Dance, pain thresholds and social bonding

Date Published: 28.10.2015

Dancing in time with others raises your pain threshold and increases social closeness, says research carried out by Wadham’s Emma Cohen and a team from Oxford University's Experimental Psychology and Anthropology Departments.

Photo by Talento Tec via Wikimedia Commons

Let's dance!

The researchers wanted to see whether our feelings of social closeness when dancing with others might be linked to endorphins – the body’s 'feel good' chemicals.

Endorphins are neurotransmitters that form part of the brain’s pain control system, and they are also implicated in social bonding. The study's lead author, Dr Bronwyn Tarr, explained: "Dance is an important activity around the world, and it could be a way to connect with other people and feel socially bonded. We wanted to see the effect of high and low energy, and synchronised and unsynchronised dancing had on both pain threshold and the sense of bondedness to fellow group-members."

"As it's hard to measure endorphin levels directly, we used pain thresholds as an indirect measure. More endorphins mean we tolerate pain better, so measuring relative increases in people’s pain thresholds can indicate whether endorphins are being released."

The team had 264 young people take part in the study in Brazil. In groups, they did either high or low exertion dancing that was either synchronised or unsynchronised. Before and after the activity, the team measured the teenagers’ feelings of closeness to each other and their pain thresholds.

The findings confirmed that synchronised activity encouraged bonding more than unsynchronised activity. It also led to higher pain thresholds. More energetic activity had a similar effect – it raised pain thresholds and made groups feel closer.

"Both synchronisation and exertion had independent effects on these measures, so moving energetically or moving in synchrony can both make you feel closer to others when you are dancing" explained Tarr, "But combining high energy and synchrony had the greatest effects – which might explain why people love to Flashmob!"

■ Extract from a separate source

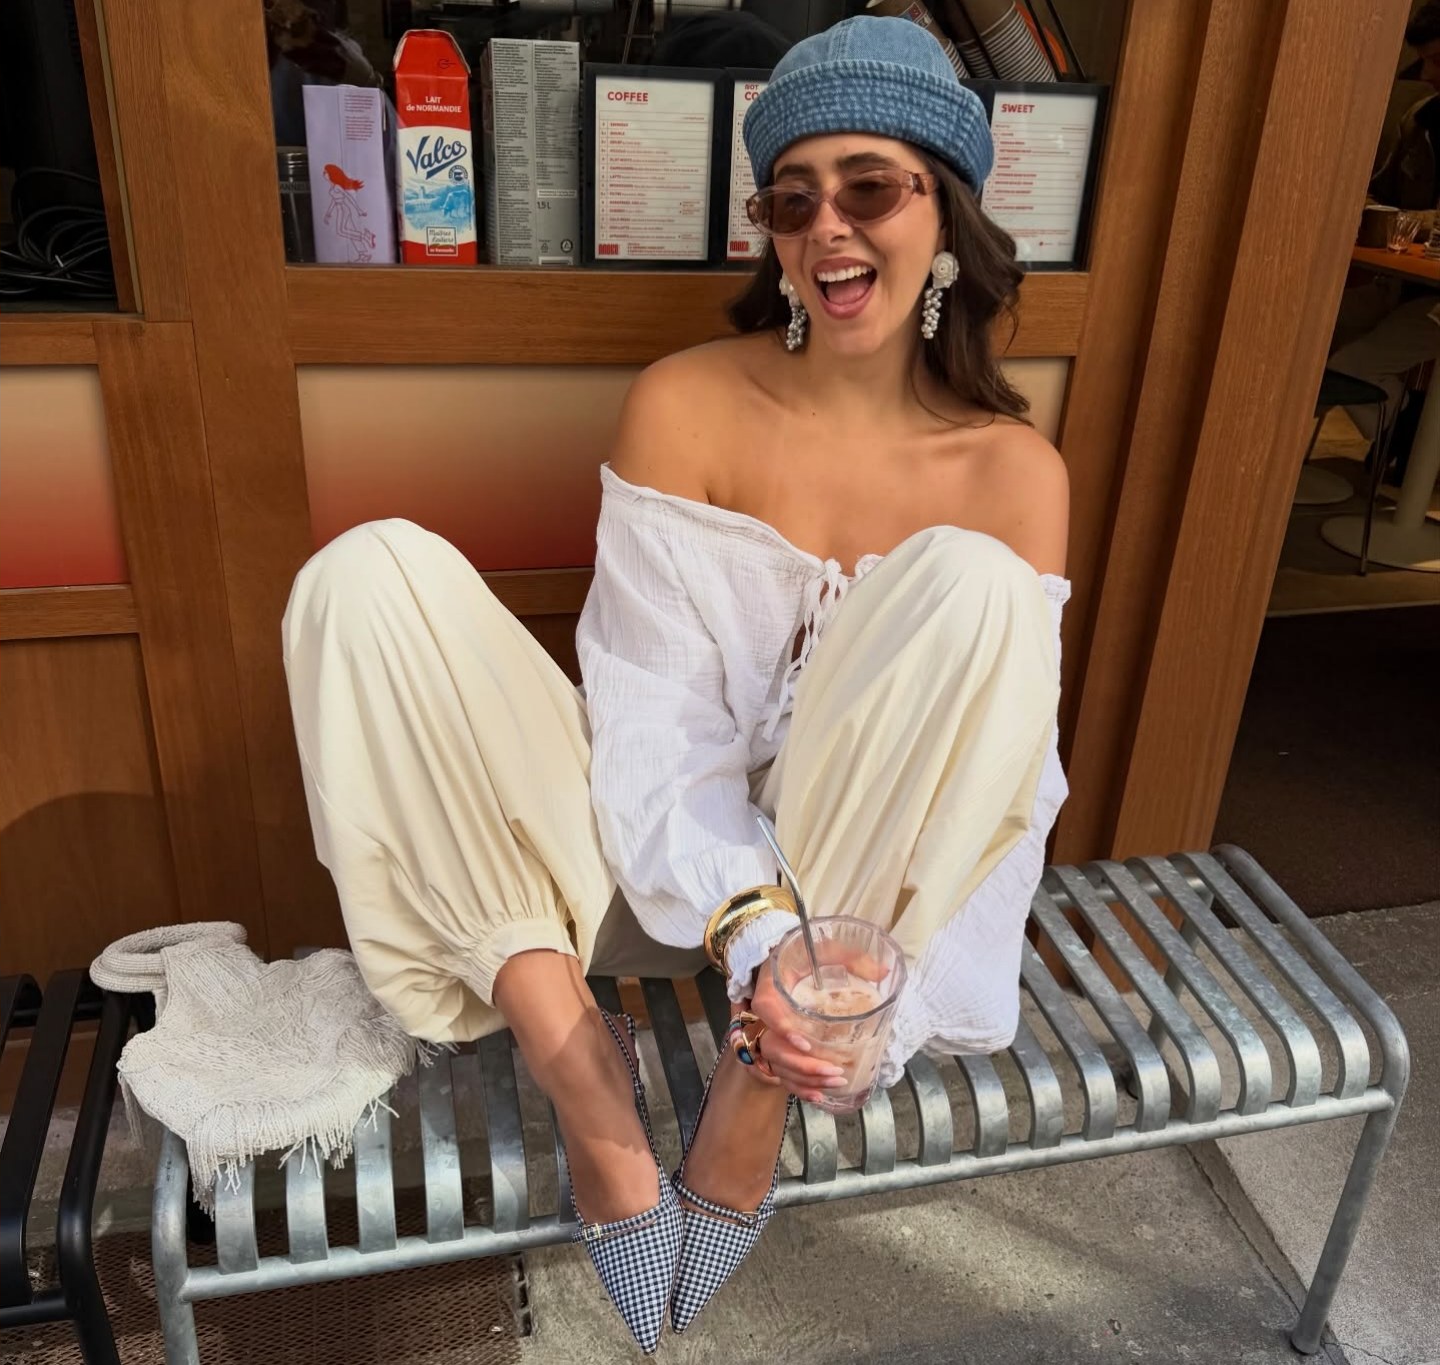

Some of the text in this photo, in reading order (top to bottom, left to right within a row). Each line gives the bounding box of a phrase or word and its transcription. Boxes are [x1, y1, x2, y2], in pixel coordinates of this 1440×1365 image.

The idea for the research began in conversation with Bronwyn Tarr one day at Wadham College, Emma recalls. "Bronwyn and I were based in different departments in the university - Psychology and Anthropology, respectively - but we were both researching very similar questions to do with synchrony, exercise, and social bonding. We talked about the possible roles of synchrony and exertion on social bonding in widespread cultural activities. We were both keen to get the research out of the lab and into real-world dance activities in the field.  A few months later, we had exported the lab to my field site of Marajó, Brazil, where all the data for the research were collected. We are extremely grateful to all those participants and schools for their role in facilitating this research.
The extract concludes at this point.